Cette source nous renseigne sur les visiteurs d’Oberlin au Ban de la Roche, son réseau de relations à travers l’Europe, et l’étendue de ses contacts. Pensionnaires et paroissiens passent également et très systématiquement devant « la cloison » ; tout nouveau membre élargissant le cercle familial, par naissance ou par mariage, prend sa place dans cette galerie miniature des portraits de famille. C’est donc au Ban de la Roche qu’Oberlin recueillit l’ensemble du matériau alimentant sa collection de silhouettes. Dès 1776 et jusqu’à la fin de sa vie, elles se comptent par centaines, réparties aujourd’hui dans trois « fonds Oberlin » (Archives de Strasbourg, Musée alsacien à Strasbourg et Musée Oberlin à Waldersbach).

Portrait et physiognomonie

La démarche du pasteur procède parallèlement d’une aptitude étonnante à considérer tout élément de la Création comme porteur de sens et source de connaissance. 

Ce dernier a un fort enthousiasme pour la physiognomonie qui est définie par l’Encyclopédie comme cet art (c’est-à-dire le « savoir ») qui prétend « enseigner et connaître l’humeur, le tempérament et le caractère des hommes par les traits de leur visage ».

Oberlin s’intéresse notamment aux recherches de Johann-Kaspar Lavater (1741-1801) et s’inspire de ses essais (Fragments physiognomoniques destinés à l'amélioration de la connaissance et de l'amour des hommes, 1775-1778).

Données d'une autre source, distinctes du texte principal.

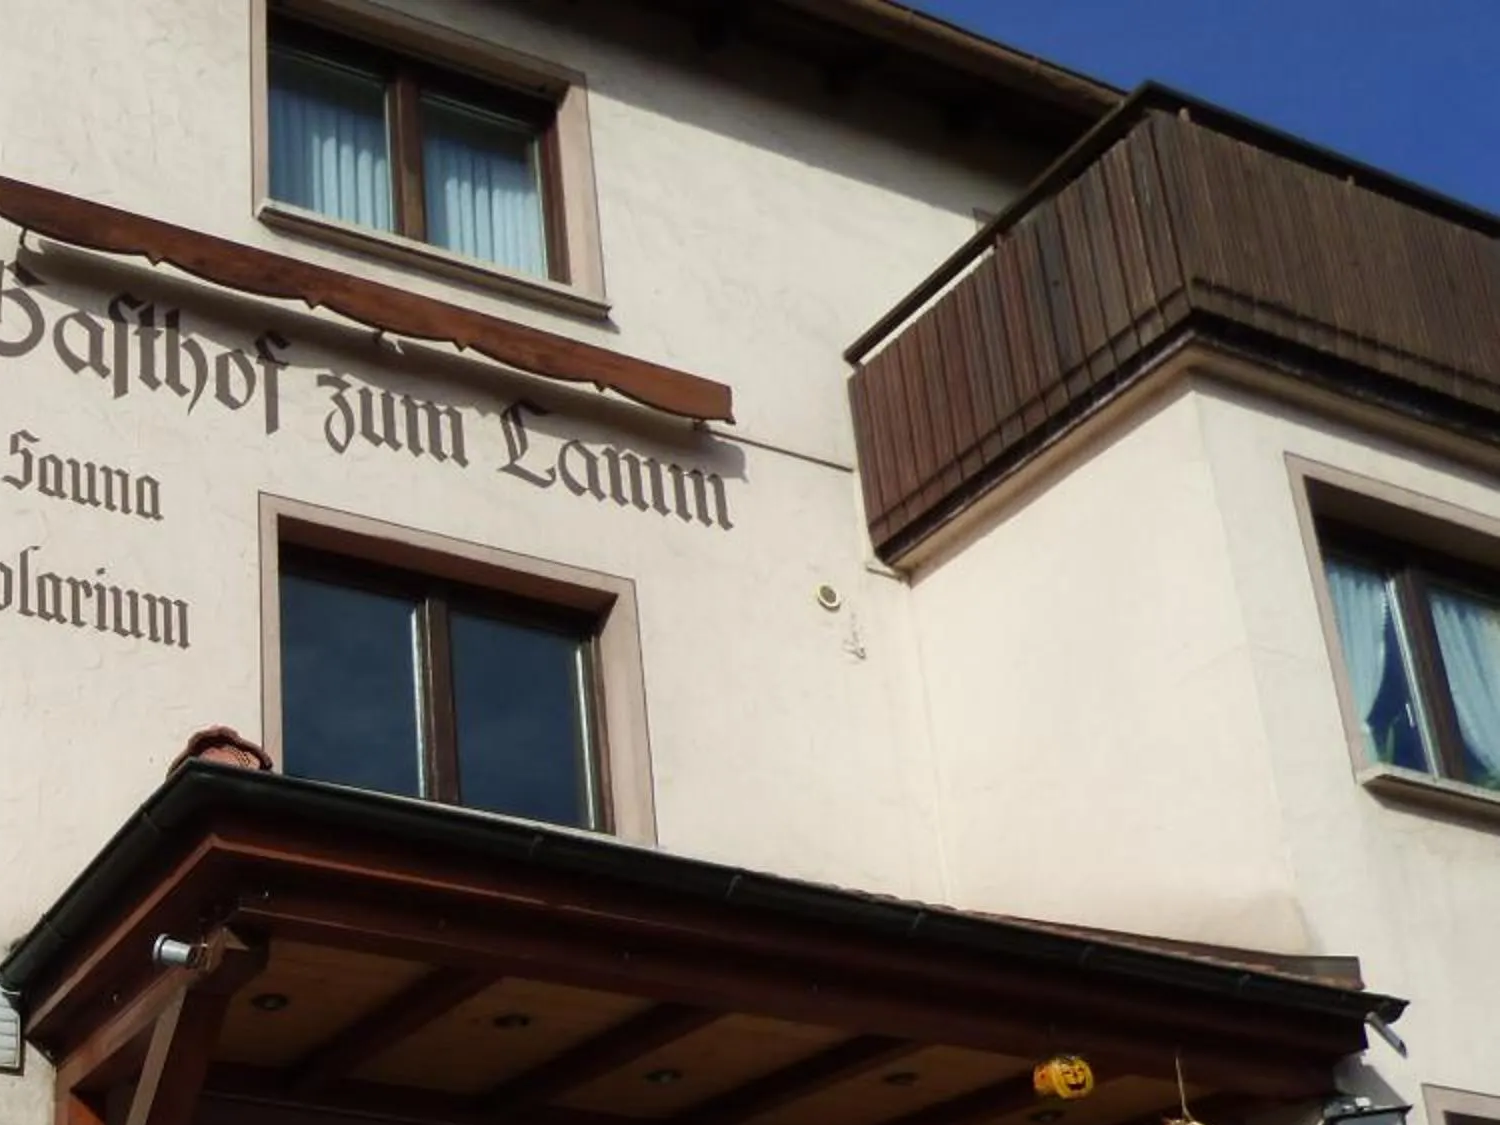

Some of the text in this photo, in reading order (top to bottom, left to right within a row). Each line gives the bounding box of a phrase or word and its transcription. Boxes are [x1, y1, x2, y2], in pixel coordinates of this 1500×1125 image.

[2, 428, 164, 521] Sauna
[316, 372, 468, 468] zum
[498, 401, 735, 530] Lamm

Attiré par les thèses de Lavater, il accumule et tient en réserve des silhouettes sans oser encore, faute d’en connaître les règles, en tirer des analyses physiognomoniques.

Il classe les silhouettes par catégories sociales et professionnelles ou encore par découpage topographique. Les Archives de Strasbourg détiennent le cahier des « paroissiens », les chemises « gens de métier », « servantes », « peuples étrangers », « Ban de la Rochois – Haut Waldersbach », « Ban de la Rochois - Bas Waldersbach », « Ban de la Rochois - Rothau », « Ban de la Rochois - Bellefosse, Solbach ». Oberlin annote certaines silhouettes de commentaires. Sur une planche extraite de la chemise intitulée « servantes », la silhouette en haut à droite est annotée « Lisbeth, la méchante souabe » ; sur celle du bas, on apprend que « cette fille de lavandière a épousé un « juif très convenable, docteur en médecine… ».

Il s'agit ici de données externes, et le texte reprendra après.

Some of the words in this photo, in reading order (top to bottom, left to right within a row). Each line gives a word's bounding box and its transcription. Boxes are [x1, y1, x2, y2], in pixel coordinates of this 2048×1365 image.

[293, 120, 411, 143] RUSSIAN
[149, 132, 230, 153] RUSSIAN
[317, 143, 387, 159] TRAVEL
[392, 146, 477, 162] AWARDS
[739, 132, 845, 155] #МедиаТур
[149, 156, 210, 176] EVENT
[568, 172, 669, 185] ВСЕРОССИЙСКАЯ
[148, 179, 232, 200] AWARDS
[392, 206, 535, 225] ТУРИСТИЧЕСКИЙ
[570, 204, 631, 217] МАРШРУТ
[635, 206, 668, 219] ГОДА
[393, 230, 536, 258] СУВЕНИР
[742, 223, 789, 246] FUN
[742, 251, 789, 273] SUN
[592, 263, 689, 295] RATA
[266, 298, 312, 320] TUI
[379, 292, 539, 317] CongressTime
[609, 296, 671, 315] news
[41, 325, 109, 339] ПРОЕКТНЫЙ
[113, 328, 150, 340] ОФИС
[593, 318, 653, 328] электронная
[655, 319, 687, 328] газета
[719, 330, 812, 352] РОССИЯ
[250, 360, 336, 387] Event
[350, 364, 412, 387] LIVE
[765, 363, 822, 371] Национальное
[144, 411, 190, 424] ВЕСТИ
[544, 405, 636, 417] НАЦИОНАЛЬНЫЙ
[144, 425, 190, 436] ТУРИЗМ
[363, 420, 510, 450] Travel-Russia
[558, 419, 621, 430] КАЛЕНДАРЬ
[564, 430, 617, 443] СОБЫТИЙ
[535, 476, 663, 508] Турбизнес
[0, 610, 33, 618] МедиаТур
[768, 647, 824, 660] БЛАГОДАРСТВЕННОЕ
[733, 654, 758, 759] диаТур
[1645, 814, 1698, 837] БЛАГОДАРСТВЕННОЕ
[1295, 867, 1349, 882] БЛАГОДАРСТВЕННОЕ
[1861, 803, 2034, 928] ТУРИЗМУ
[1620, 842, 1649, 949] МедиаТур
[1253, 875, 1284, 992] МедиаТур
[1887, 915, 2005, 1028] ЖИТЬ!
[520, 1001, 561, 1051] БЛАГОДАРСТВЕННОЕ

Ce n’est qu’après la lecture des Fragments de Lavater qu’Oberlin tente, en puisant partiellement dans ce fonds déjà constitué, des classements morphologiques et comparatifs.

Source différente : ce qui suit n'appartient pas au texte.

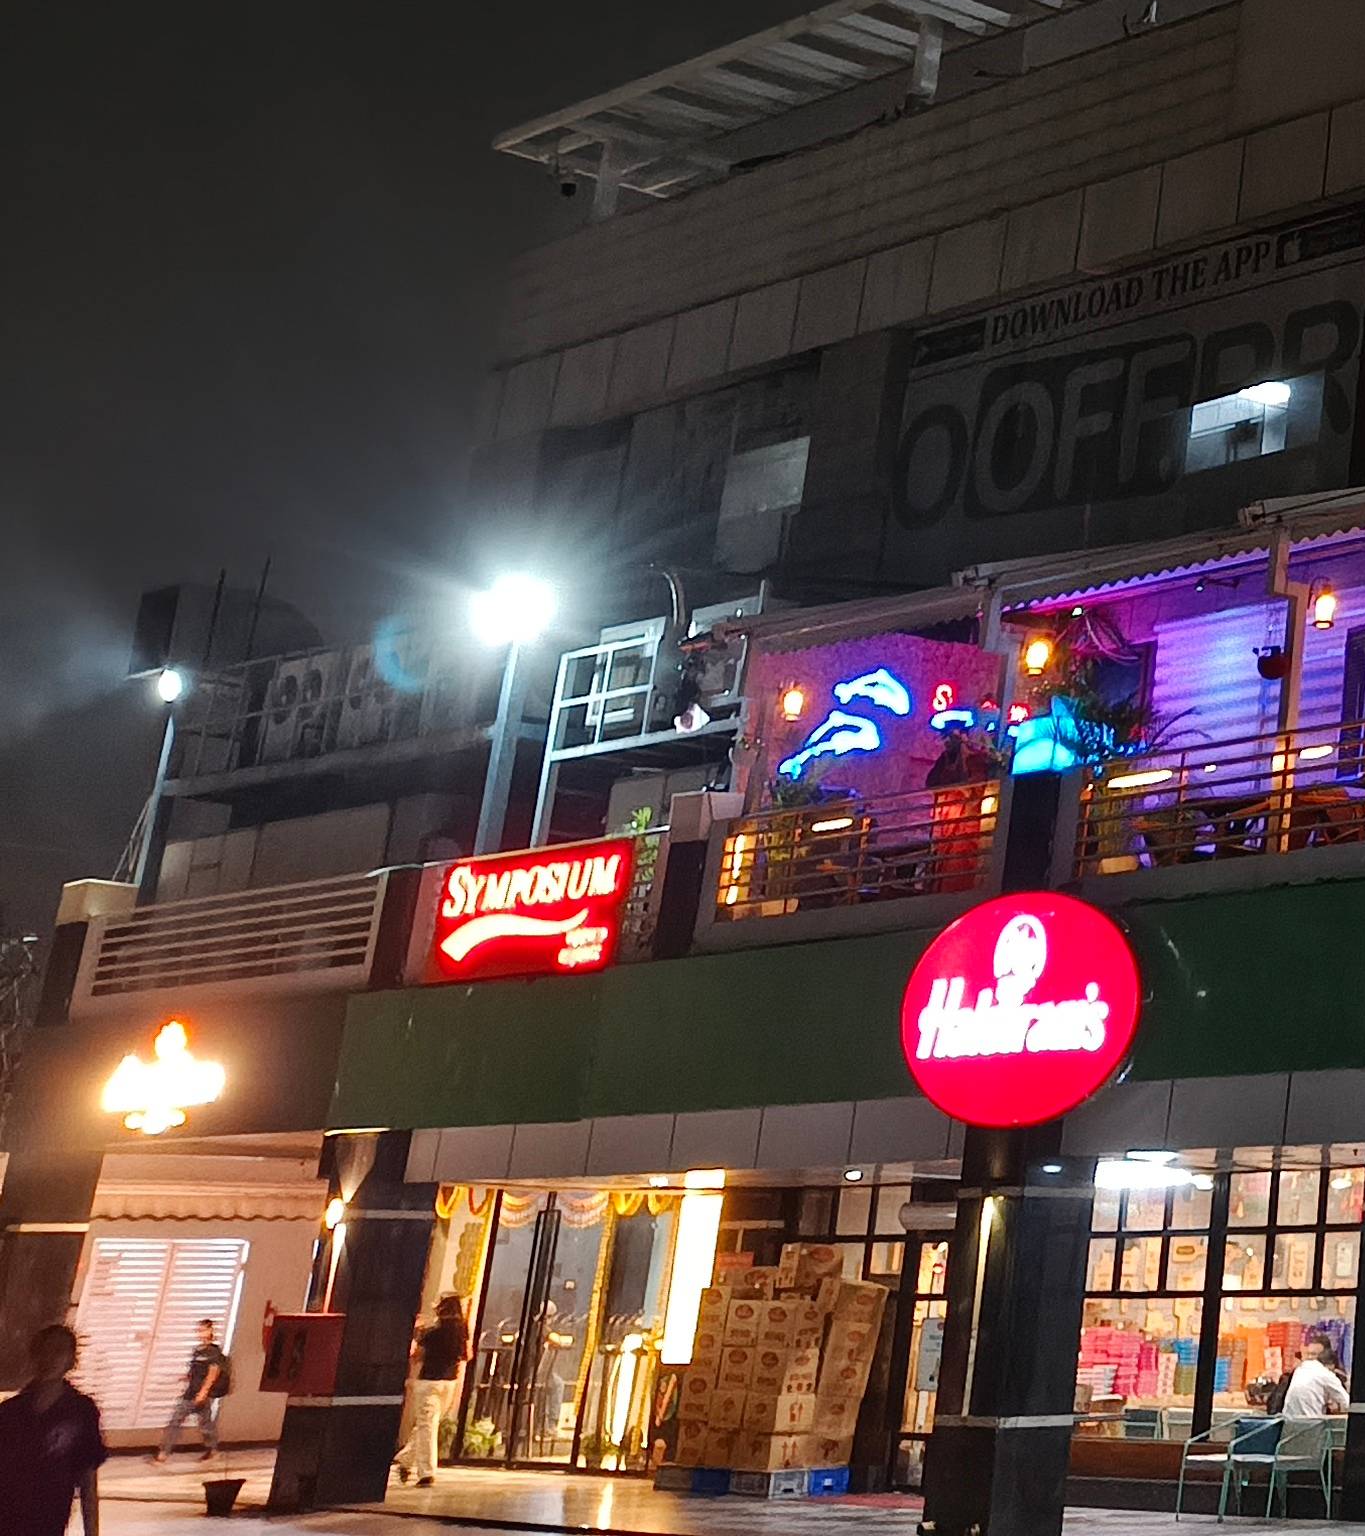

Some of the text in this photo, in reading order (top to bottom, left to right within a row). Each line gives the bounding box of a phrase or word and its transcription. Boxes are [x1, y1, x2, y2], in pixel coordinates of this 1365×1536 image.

[992, 240, 1272, 346] DOWNLOAD THE APP
[442, 854, 622, 918] SYMPOSIUM

Son champ d’expérimentation est le Ban-de-la-Roche et ses paysans, et son devoir le perfectionnement spirituel du troupeau qui lui a été confié. La lecture à travers les traits du visage des dispositions cachées devient ainsi un instrument pédagogique qui doit permettre au pasteur de mieux juger de chacun de ses paroissiens et, à partir de cette connaissance, à l’inciter à lutter contre ses vices et à exalter ses vertus. La physiognomonie contribue à la connaissance de soi et par là au but unique de notre existence terrestre, avancer dans la sanctification.  

Aujourd’hui, les théories du pasteur Oberlin peuvent sembler obsolètes, voire erronées, mais elles correspondent à l'esprit des Lumières, qui tend à tout considérer avec un raisonnement et un regard critique. Ses nombreux écrits, notes ou mémoires, permettent de nous faire une idée de ces conceptions « scientifiques » pour percer les mystères du tempérament.

Sources :

Archives de Strasbourg, 77 Z 92.

Orientation bibliographique

GEYER, Marie-Jeanne, « La pédagogie du portrait » dans Jean-Frédéric Oberlin. Le divin ordre du monde, 1740-1826, Les Musées de la Ville de Strasbourg, Editions du Rhin, Mulhouse, 1991.